Kinshasa : le procès des présumés kulunas et braqueurs de l’opération Ndobo s’ouvre au camp Lufungula

Une audience foraine s’est tenue ce vendredi 11 juillet au camp Lufungula, à Kinshasa, marquant une nouvelle étape dans la vaste opération « Ndobo », initiée par le Vice-Premier Ministre chargé de l’Intérieur, Shabani Lukoo Bihango J. Vingt-trois personnes, dont vingt présumés kulunas poursuivis pour des faits assimilés à du terrorisme et trois braqueurs accusés d’avoir utilisé des armes de guerre, ont été traduites devant le tribunal militaire de garnison de Kinshasa-Gombe.

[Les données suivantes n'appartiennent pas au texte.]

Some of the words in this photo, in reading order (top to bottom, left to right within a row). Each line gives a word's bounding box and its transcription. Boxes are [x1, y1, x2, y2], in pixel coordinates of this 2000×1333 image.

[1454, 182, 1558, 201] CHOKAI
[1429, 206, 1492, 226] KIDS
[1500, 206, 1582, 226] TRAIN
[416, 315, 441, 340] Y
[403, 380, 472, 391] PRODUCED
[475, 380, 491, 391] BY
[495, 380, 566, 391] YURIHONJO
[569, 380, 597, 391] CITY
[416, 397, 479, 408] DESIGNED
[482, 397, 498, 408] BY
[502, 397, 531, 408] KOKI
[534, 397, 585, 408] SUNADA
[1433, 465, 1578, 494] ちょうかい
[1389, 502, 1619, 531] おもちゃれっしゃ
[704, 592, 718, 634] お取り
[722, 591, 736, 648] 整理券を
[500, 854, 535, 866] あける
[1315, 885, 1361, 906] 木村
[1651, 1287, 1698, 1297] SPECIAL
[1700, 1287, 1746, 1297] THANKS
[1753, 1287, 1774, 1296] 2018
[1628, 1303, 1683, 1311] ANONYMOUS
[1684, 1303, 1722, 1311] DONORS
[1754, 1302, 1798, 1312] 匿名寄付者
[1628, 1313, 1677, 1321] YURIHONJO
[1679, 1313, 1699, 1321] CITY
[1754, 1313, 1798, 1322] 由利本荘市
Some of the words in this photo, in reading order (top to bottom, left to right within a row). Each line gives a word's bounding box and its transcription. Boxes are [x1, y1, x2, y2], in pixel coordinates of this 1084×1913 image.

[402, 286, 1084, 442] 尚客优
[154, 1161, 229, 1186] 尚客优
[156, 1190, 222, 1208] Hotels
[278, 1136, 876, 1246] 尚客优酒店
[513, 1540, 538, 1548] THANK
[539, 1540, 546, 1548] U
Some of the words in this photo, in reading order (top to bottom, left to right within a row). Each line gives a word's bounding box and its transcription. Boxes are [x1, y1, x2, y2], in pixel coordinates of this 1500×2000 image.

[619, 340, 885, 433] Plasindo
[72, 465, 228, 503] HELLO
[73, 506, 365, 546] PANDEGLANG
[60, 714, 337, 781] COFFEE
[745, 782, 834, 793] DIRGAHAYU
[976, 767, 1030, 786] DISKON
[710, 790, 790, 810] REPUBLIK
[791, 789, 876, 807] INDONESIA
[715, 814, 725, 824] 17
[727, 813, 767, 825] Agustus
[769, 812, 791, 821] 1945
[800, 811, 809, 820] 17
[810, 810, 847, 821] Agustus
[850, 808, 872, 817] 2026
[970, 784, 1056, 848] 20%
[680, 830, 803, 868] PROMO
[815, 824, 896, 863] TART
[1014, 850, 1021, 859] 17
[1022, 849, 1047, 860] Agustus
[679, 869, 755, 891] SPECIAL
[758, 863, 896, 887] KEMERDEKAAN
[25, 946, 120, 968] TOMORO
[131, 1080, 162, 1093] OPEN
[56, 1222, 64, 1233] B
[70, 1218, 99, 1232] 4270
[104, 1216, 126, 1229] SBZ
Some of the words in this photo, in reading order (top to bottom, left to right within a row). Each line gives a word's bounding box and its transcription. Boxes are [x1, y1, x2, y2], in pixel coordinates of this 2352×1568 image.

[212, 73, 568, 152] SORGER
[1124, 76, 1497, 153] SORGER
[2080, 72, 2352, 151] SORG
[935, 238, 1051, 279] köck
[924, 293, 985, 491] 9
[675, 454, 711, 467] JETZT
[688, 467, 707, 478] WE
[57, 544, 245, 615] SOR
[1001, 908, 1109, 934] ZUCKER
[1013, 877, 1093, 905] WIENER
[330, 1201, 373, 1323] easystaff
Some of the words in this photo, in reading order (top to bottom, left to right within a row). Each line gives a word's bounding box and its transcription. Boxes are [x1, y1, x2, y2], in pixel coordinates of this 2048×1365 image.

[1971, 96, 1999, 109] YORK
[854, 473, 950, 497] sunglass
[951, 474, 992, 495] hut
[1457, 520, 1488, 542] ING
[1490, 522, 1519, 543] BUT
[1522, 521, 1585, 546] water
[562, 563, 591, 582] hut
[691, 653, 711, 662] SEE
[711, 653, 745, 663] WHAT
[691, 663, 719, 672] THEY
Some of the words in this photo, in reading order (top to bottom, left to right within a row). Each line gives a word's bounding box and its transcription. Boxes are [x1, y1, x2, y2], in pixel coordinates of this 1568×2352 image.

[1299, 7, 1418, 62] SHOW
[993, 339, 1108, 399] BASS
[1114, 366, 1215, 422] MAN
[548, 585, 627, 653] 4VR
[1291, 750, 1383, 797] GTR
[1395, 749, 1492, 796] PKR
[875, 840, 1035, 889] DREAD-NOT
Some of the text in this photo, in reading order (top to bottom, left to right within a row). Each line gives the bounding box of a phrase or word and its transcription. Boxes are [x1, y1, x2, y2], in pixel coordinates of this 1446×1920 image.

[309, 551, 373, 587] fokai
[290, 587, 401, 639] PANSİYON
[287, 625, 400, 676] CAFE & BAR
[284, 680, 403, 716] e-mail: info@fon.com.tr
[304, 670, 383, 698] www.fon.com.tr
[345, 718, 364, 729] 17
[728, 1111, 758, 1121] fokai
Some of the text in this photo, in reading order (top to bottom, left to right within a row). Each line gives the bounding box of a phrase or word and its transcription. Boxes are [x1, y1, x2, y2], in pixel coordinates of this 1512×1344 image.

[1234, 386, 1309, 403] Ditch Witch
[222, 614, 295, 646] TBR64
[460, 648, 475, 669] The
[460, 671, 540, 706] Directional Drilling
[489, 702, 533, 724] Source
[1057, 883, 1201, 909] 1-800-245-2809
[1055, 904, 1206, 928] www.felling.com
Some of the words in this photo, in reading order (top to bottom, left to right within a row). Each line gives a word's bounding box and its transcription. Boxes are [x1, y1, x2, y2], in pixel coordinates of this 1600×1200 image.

Le ministère public, lors de cette séance publique, n’a pas mâché ses mots face à la gravité des infractions reprochées. « Les faits reprochés aux prévenus sont passibles de peines de servitude pénale », a déclaré le représentant du parquet militaire. Après l’étape d’identification des accusés, le tribunal a renvoyé l’affaire au lundi 14 juillet pour la suite de l’instruction. Ce procès s’inscrit dans la volonté des autorités de faire de la justice un levier central dans la lutte contre l’insécurité urbaine persistante à Kinshasa.

Lancée avec le soutien actif de la Police Nationale Congolaise (PNC), l’opération Ndobo ne se limite plus à la seule capitale congolaise. Elle a été élargie à plusieurs provinces comme le Kongo Central, le Haut-Katanga, le Kwango, le Lualaba et la Tshopo, bénéficiant d’appuis techniques et financiers pour renforcer l’action des commissariats provinciaux. L’objectif affiché est clair : démanteler les réseaux criminels et rétablir durablement l’ordre public sur l’ensemble du territoire national.